→ **Task to carry out**
Copy every entry exactly as it stands, though any image it holds should stay out of the copy.

→ **Working data**
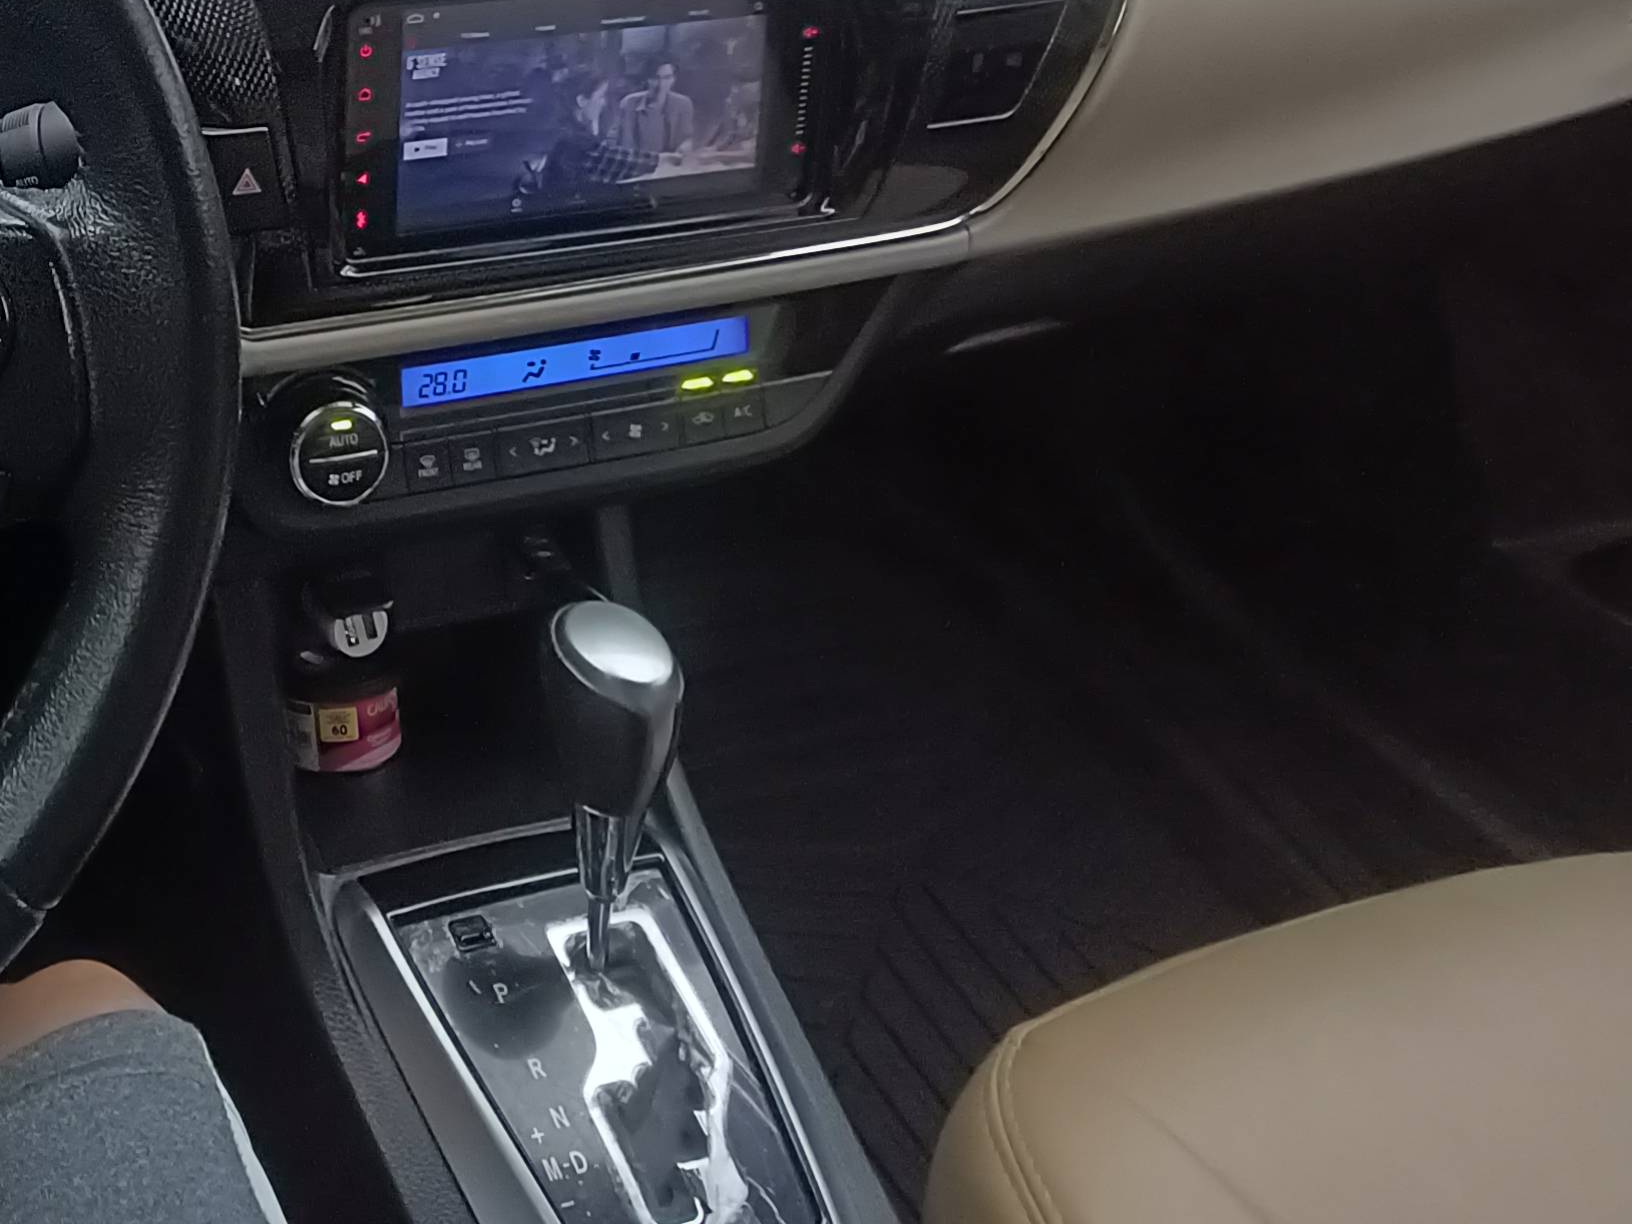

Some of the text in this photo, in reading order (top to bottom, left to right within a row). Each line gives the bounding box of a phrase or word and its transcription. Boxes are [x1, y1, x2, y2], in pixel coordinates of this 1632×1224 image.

[418, 369, 468, 400] 28.0
[328, 432, 359, 448] AUTO
[340, 469, 363, 485] OFF
[492, 982, 509, 1004] P
[527, 1057, 547, 1079] R
[549, 1105, 571, 1129] N
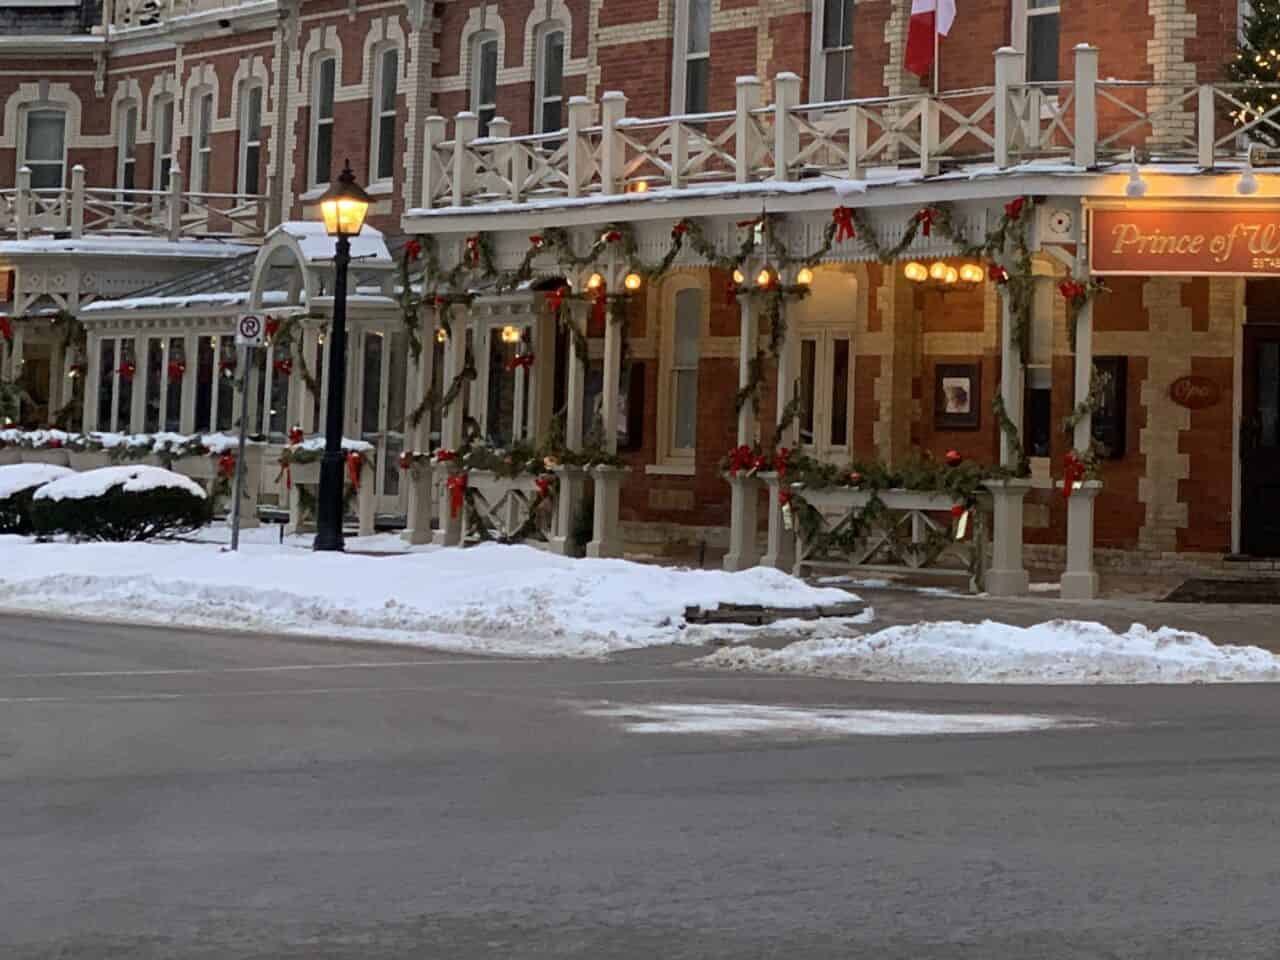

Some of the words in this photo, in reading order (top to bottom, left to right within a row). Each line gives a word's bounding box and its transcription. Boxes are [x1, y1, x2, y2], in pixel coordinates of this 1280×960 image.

[1111, 223, 1205, 254] Prince
[1209, 223, 1245, 262] of
[1175, 378, 1215, 401] Ope

→ **Written response**
Some of the text in this photo, in reading order (top to bottom, left to right within a row). Each line gives the bounding box of a phrase or word and its transcription. Boxes are [x1, y1, x2, y2], in pixel coordinates of this 1632×1224 image.

[418, 369, 468, 400] 28.0
[328, 432, 359, 448] AUTO
[340, 469, 363, 485] OFF
[492, 982, 509, 1004] P
[527, 1057, 547, 1079] R
[549, 1105, 571, 1129] N

Some of the words in this photo, in reading order (top to bottom, left to right within a row). Each line gives a word's bounding box and its transcription. Boxes are [x1, y1, x2, y2], in pixel coordinates of this 1280×960 image.

[1111, 223, 1205, 254] Prince
[1209, 223, 1245, 262] of
[1175, 378, 1215, 401] Ope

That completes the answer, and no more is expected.